> _Exercise objective_: Nothing in the records should be left out; transcribe them exactly.

> _Entries provided_:
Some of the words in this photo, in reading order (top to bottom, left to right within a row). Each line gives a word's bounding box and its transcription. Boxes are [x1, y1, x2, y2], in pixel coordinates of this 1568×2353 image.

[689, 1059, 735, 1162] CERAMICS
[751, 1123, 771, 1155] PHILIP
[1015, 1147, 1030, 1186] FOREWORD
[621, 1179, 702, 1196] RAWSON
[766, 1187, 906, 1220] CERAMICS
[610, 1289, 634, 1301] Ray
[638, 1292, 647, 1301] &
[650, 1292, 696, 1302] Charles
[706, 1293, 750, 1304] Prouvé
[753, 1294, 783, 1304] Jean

> _Answer section_:
Some of the words in this photo, in reading order (top to bottom, left to right within a row). Each line gives a word's bounding box and its transcription. Boxes are [x1, y1, x2, y2], in pixel coordinates of this 1568×2353 image.

[689, 1059, 735, 1162] CERAMICS
[751, 1123, 771, 1155] PHILIP
[1015, 1147, 1030, 1186] FOREWORD
[621, 1179, 702, 1196] RAWSON
[766, 1187, 906, 1220] CERAMICS
[610, 1289, 634, 1301] Ray
[638, 1292, 647, 1301] &
[650, 1292, 696, 1302] Charles
[706, 1293, 750, 1304] Prouvé
[753, 1294, 783, 1304] Jean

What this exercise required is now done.